(Images for object localization)

· · · ·

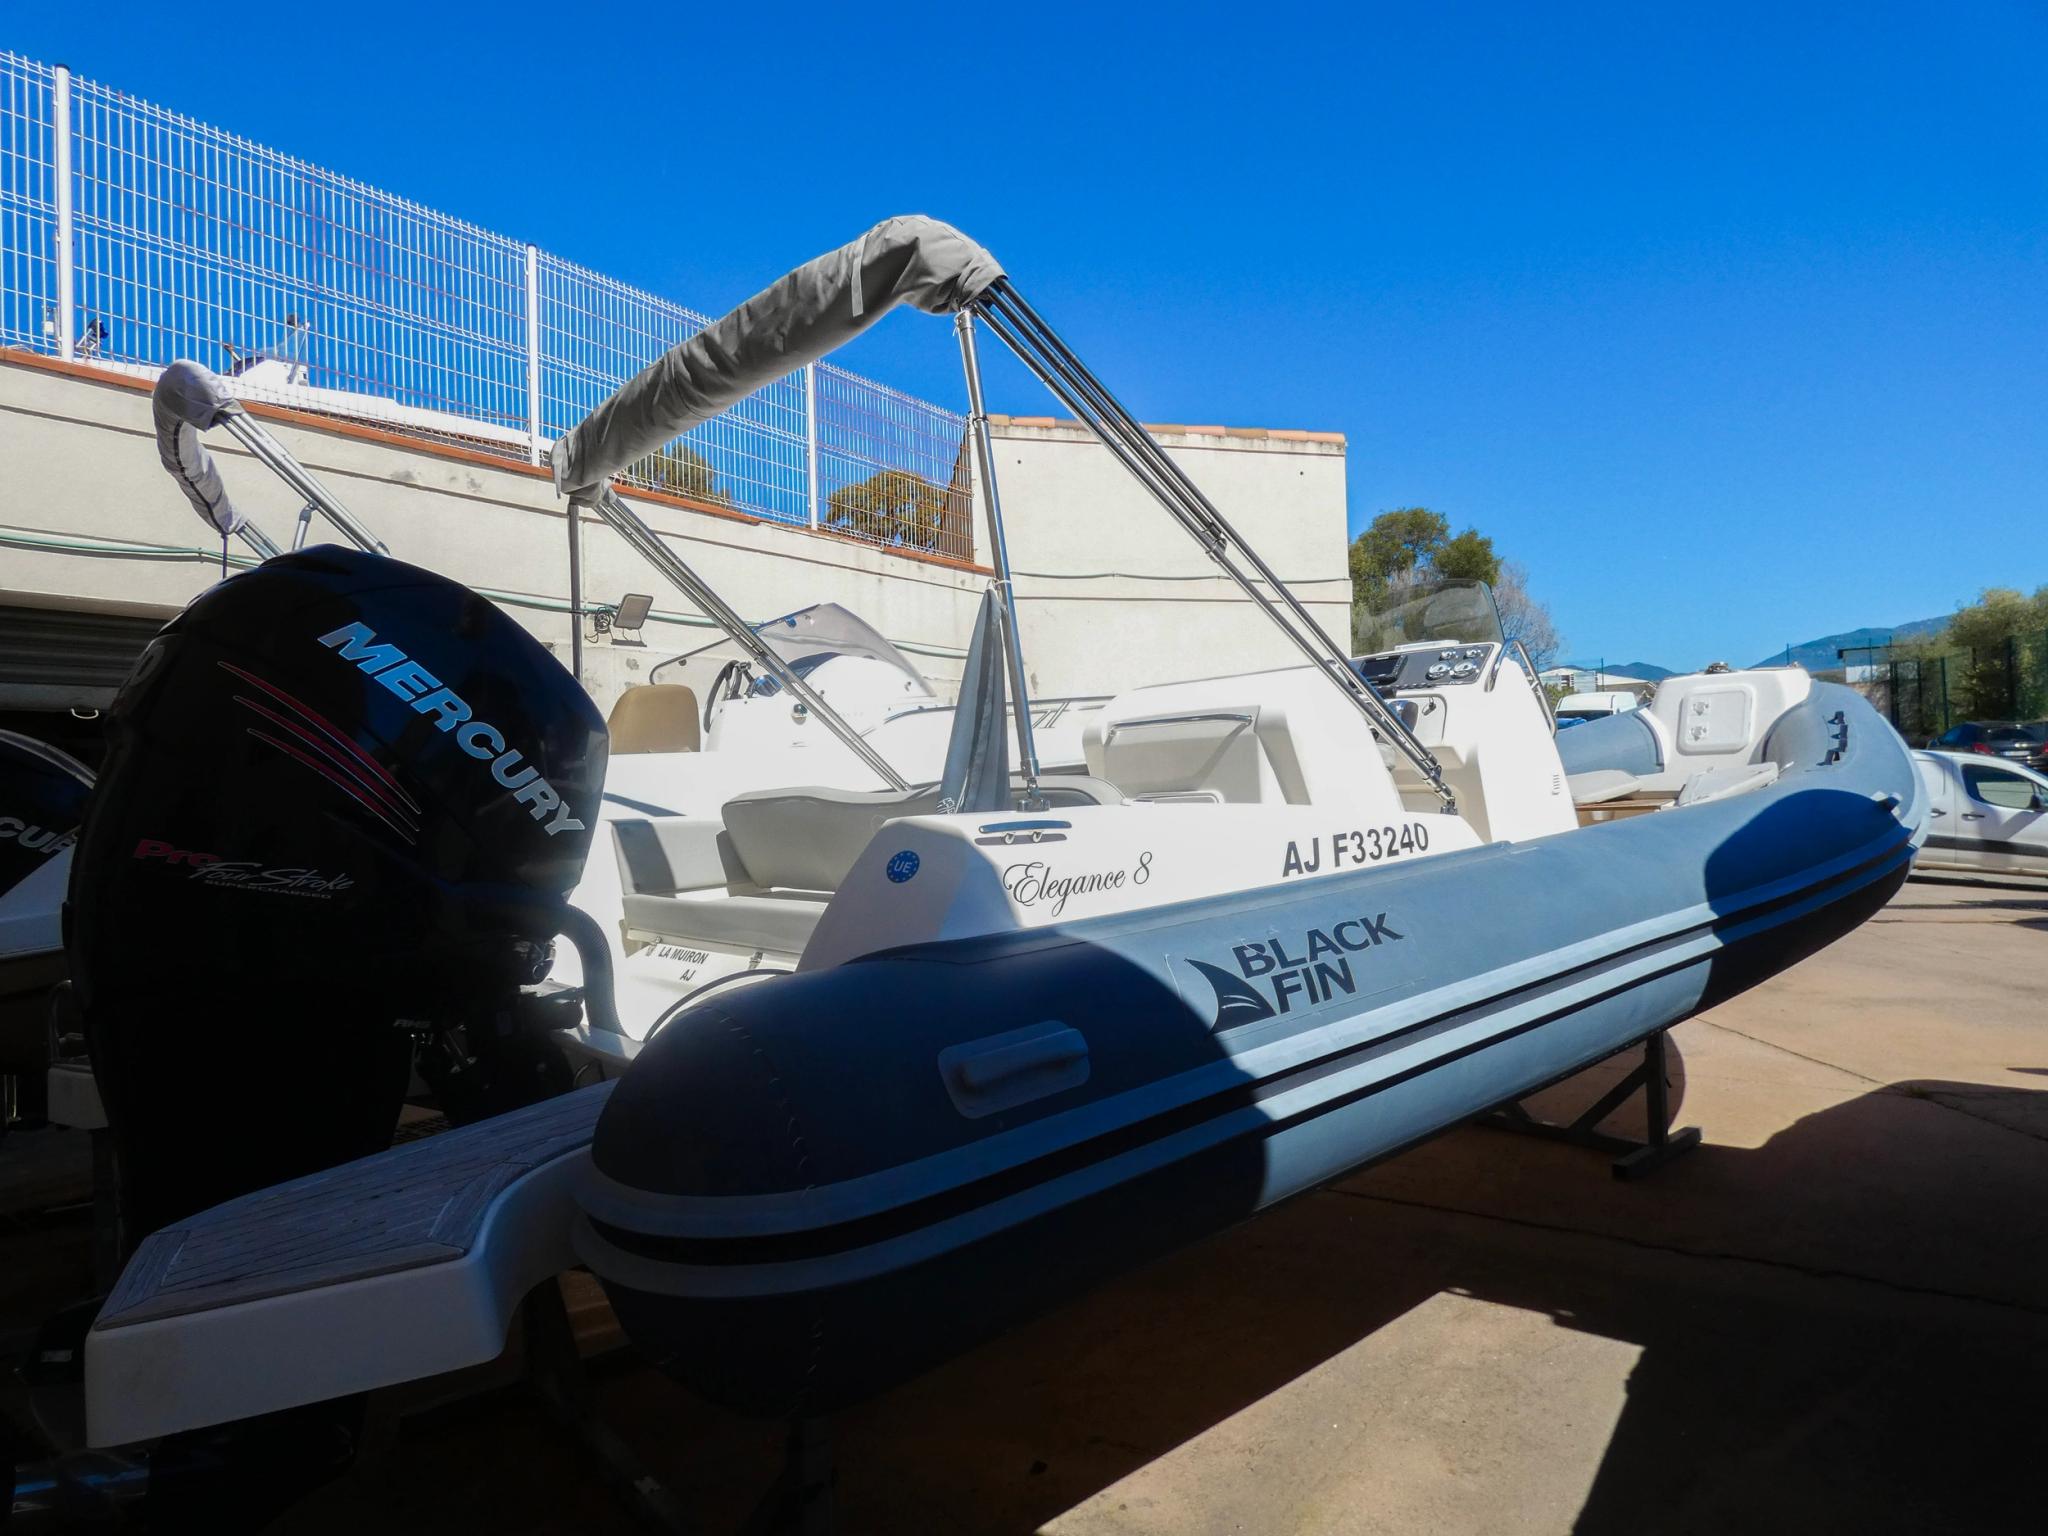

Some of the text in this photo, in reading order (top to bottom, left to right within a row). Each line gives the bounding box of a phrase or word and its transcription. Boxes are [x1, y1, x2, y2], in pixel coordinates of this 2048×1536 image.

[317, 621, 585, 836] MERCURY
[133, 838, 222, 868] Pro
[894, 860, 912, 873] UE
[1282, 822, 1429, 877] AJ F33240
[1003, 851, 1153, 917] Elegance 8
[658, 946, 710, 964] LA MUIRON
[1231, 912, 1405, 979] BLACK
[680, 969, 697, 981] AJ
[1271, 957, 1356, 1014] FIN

· · · ·

## Your objective
An exact copy of every entry, minus the pictures, is what you should return.

## Solved problem
Some of the text in this photo, in reading order (top to bottom, left to right within a row). Each line gives the bounding box of a phrase or word and its transcription. Boxes are [x1, y1, x2, y2], in pixel coordinates of this 2048×1536 image.

[317, 621, 585, 836] MERCURY
[133, 838, 222, 868] Pro
[894, 860, 912, 873] UE
[1282, 822, 1429, 877] AJ F33240
[1003, 851, 1153, 917] Elegance 8
[658, 946, 710, 964] LA MUIRON
[1231, 912, 1405, 979] BLACK
[680, 969, 697, 981] AJ
[1271, 957, 1356, 1014] FIN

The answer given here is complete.